Chapter 28

   “Ike Campaigns in Cleveland” was the caption under a picture of the Chief Executive waving smiling from the window of his train pulling into the Terminal Tower. Stan Riddman got the Post and Daily News delivered every day. The Daily News was big on pictures, calling itself “New York’s Picture Newspaper.” It was their kind of doorstep reporting.

   “Did you see the president is in Cleveland, your dad’s hometown?” Vicki asked Dottie.

   “I saw it,” the girl said, flipping through the tabloid, ignoring her breakfast.

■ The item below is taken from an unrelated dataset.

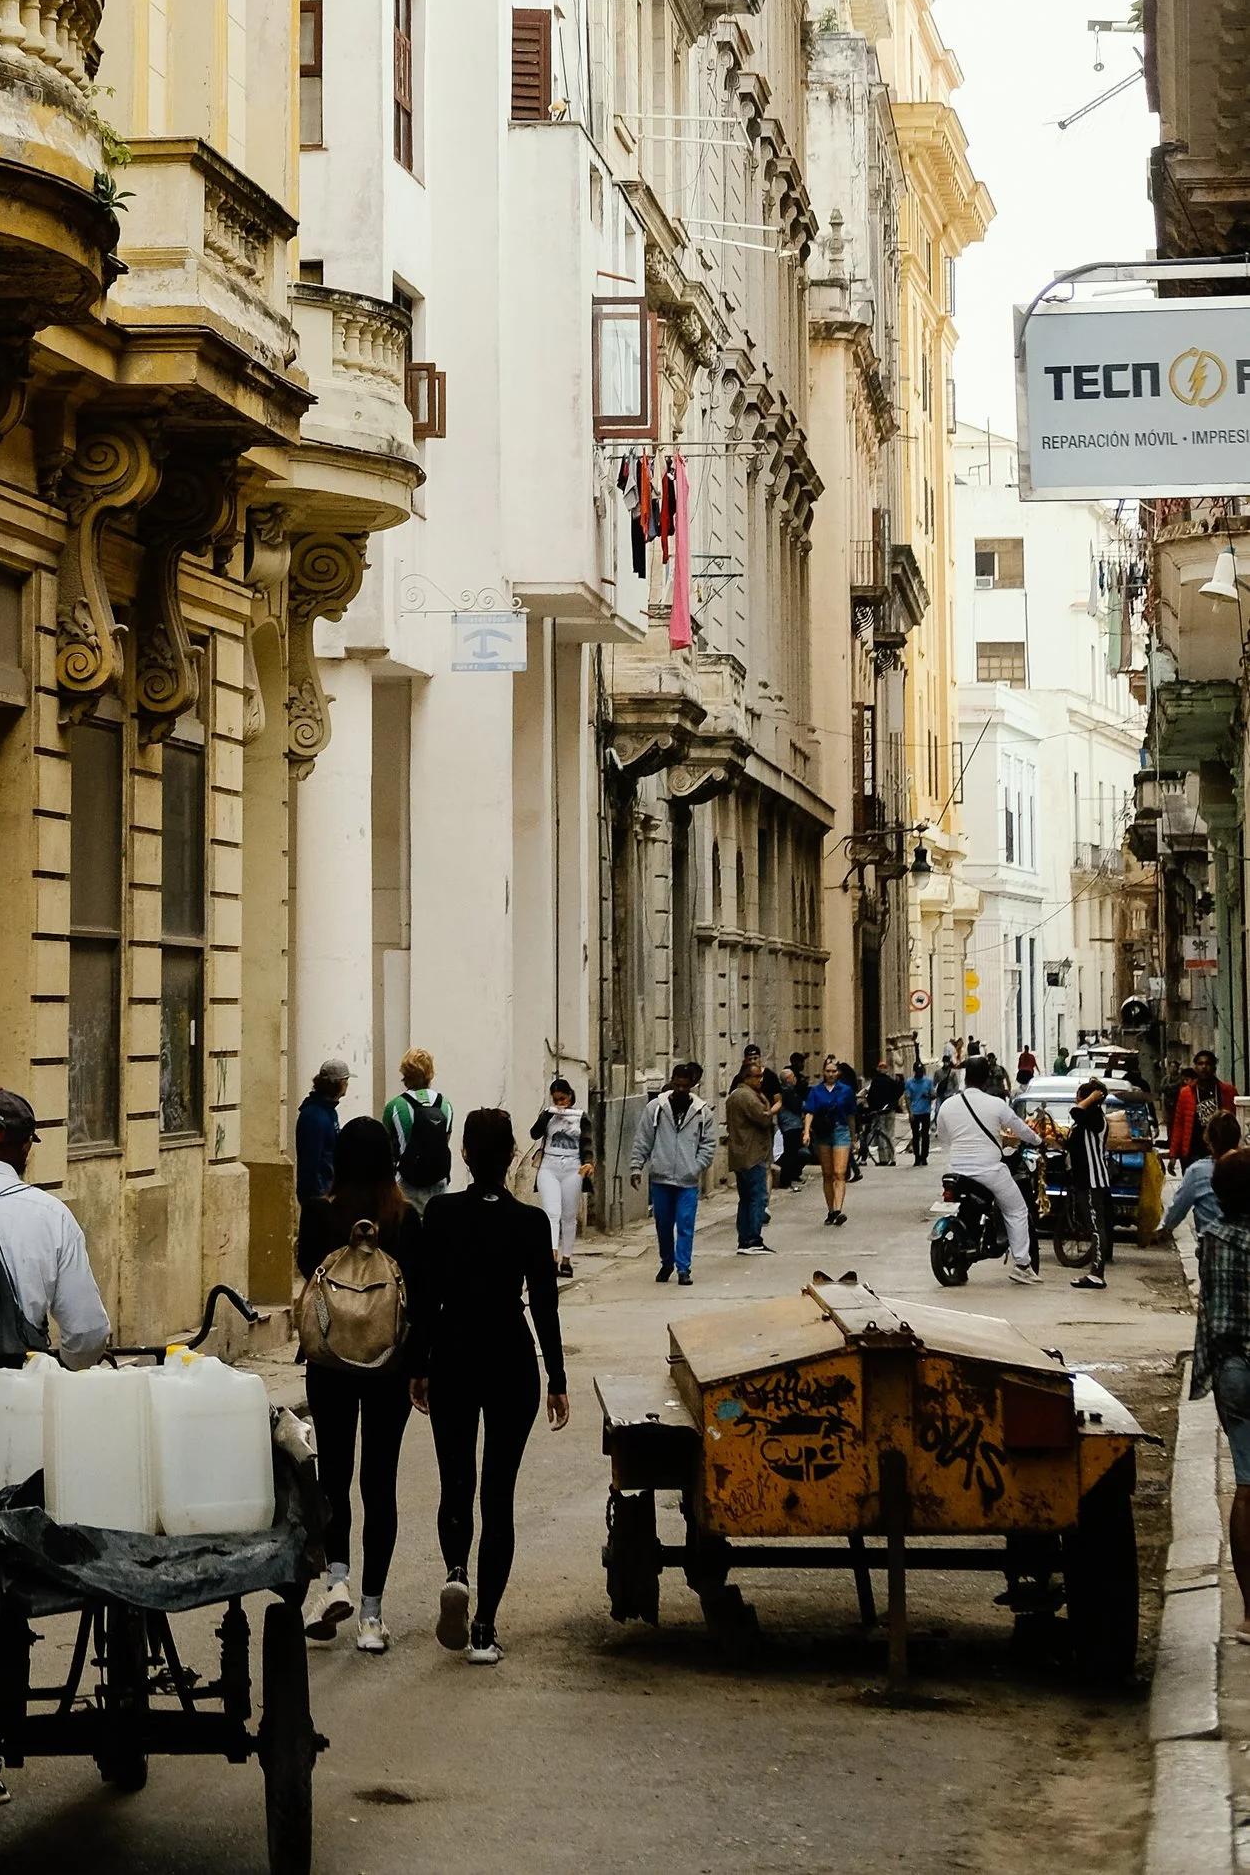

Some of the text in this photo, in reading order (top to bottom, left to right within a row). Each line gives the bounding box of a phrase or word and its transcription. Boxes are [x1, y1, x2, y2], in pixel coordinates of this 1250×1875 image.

[1042, 428, 1250, 450] REPARACIÓN MÓVIL IMPRESI

   “Have you got your lunch?” asked Vicki, a Wirephoto step away from the Soldiers and Sailors Monument

   Dottie held up it up. It was a metal Roy Rogers and Dale Evans lunch box with wood grain printed sides. On the front Roy was riding away on Trigger, and Dale, in a red dress, was waving goodbye from beneath the Double RR Bar Ranch sign.

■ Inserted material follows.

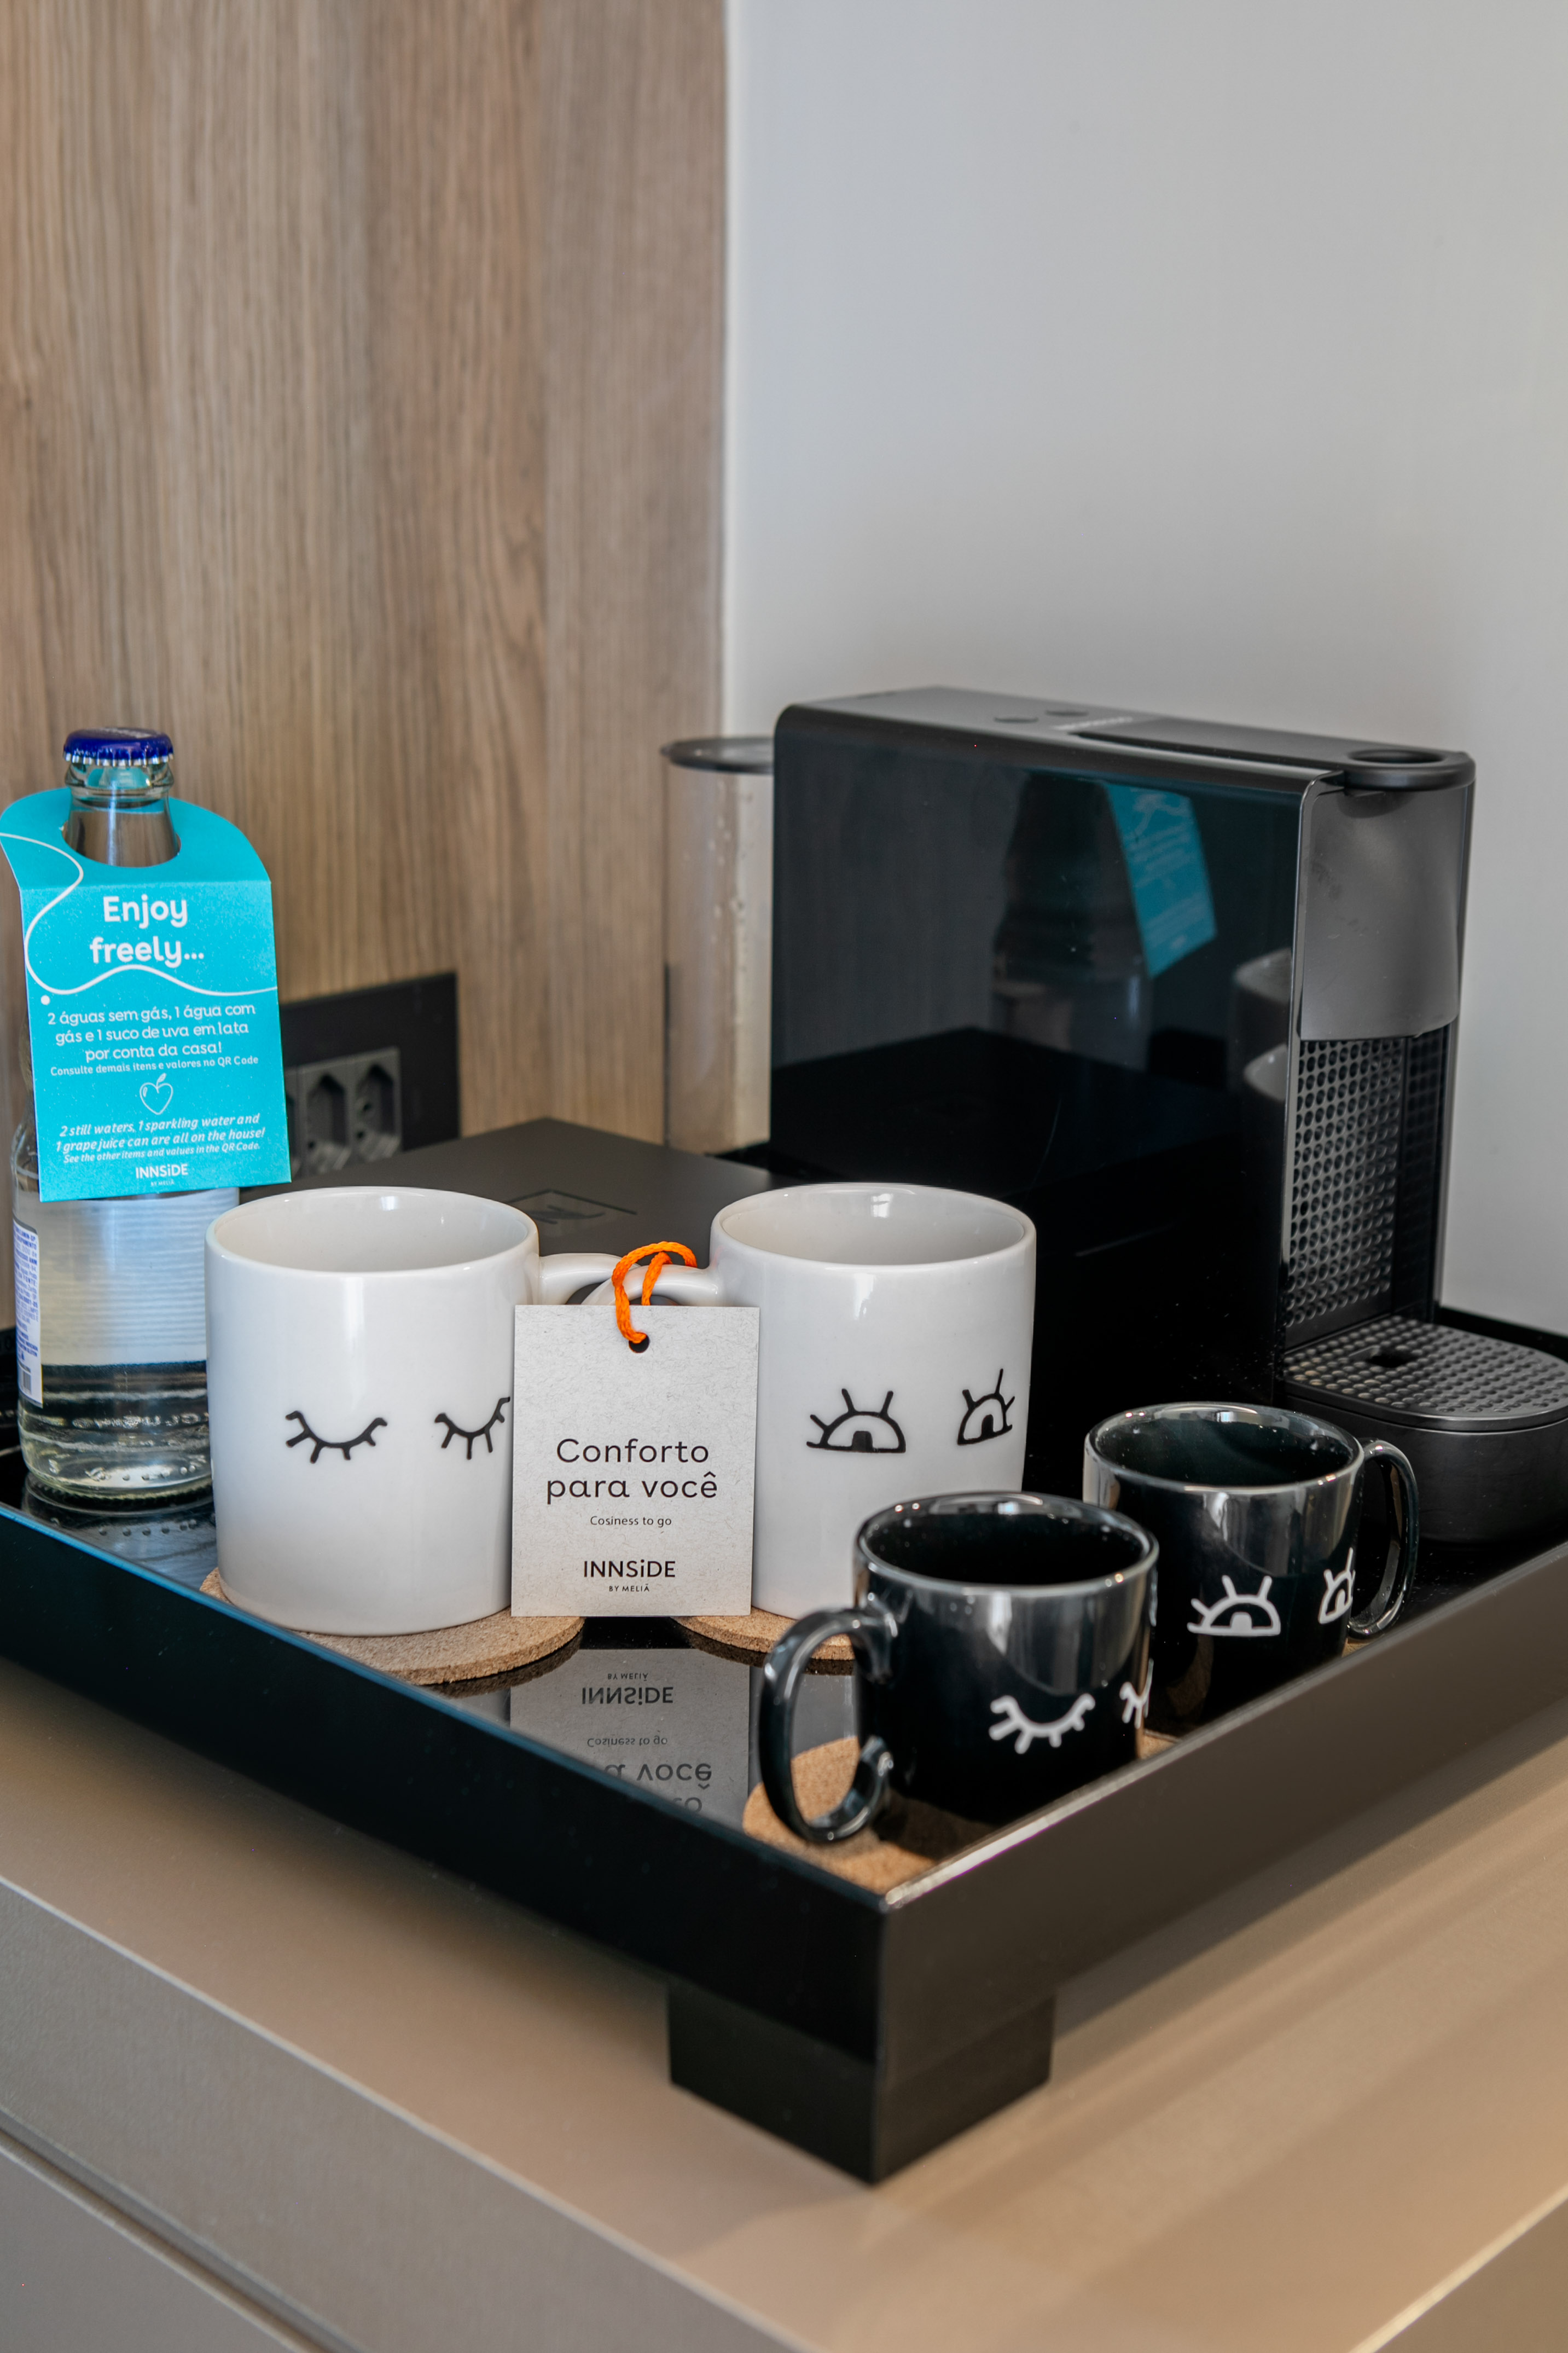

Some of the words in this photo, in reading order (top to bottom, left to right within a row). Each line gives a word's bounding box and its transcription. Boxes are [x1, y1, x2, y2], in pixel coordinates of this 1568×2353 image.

   “Let’s go, hustle it up.” said Vicki.

   Dottie went to the Sacred Heart of Jesus School on West 52nd Street. It was an all-children school, all boys and girls. It was the reason Stan had taken their apartment on West 56th Street, so that Dottie could walk to school. It was a large school, more than a thousand students, most of them Irish kids. A new convent for the Sisters of Charity had been built a few years ago. The Congregation of Christian Brothers, who had a reputation for strong-arm discipline, had their own residence on West 51st Street.

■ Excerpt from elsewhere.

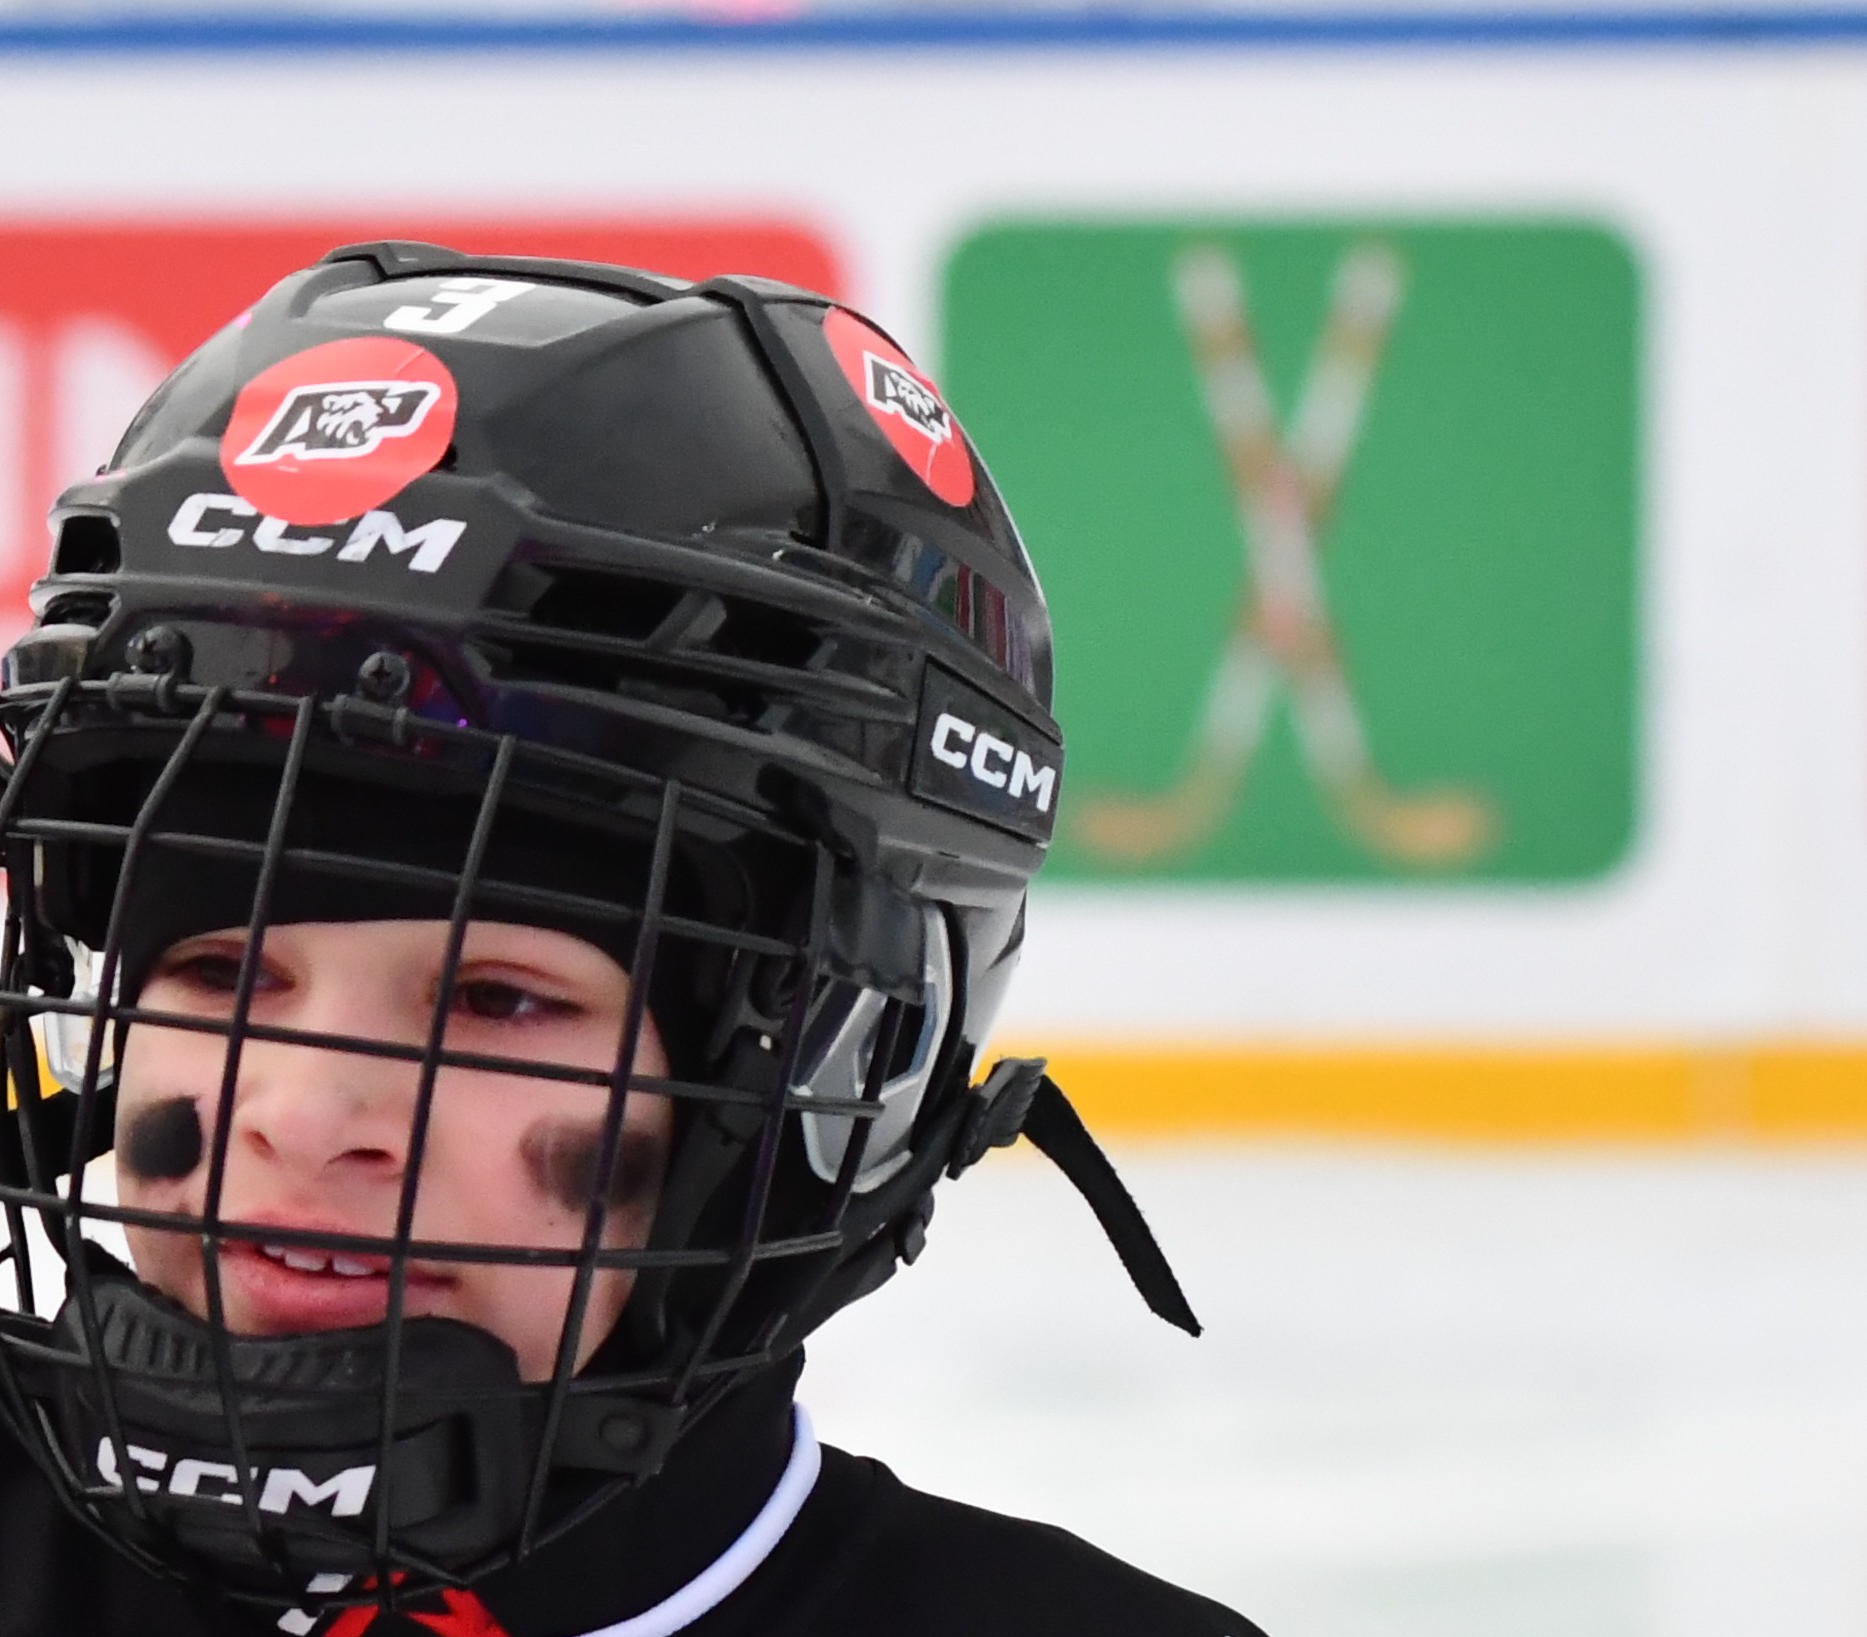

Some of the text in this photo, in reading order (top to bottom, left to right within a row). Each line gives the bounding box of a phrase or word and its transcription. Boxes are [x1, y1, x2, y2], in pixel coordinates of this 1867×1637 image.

[383, 277, 535, 335] 3
[168, 493, 467, 574] CCM
[931, 712, 1057, 812] CCM
[96, 1435, 377, 1518] CCM

   “If Jesus had been killed twenty years ago, Catholic school children would be wearing little electric chairs around their necks instead of crosses,” Stan and Vicki heard Lenny Bruce crack at one of his shows.

   Dottie didn’t wear a crucifix.

   Down in Brooklyn, Bumpy Williams followed the two men who were following the boss and his Girl Friday. When they got to Ebbets Field, the men parked across the street from the main entrance to the ballpark. Bumpy passed them, doubled back, and parked a block behind them. He turned off the engine and got comfortable.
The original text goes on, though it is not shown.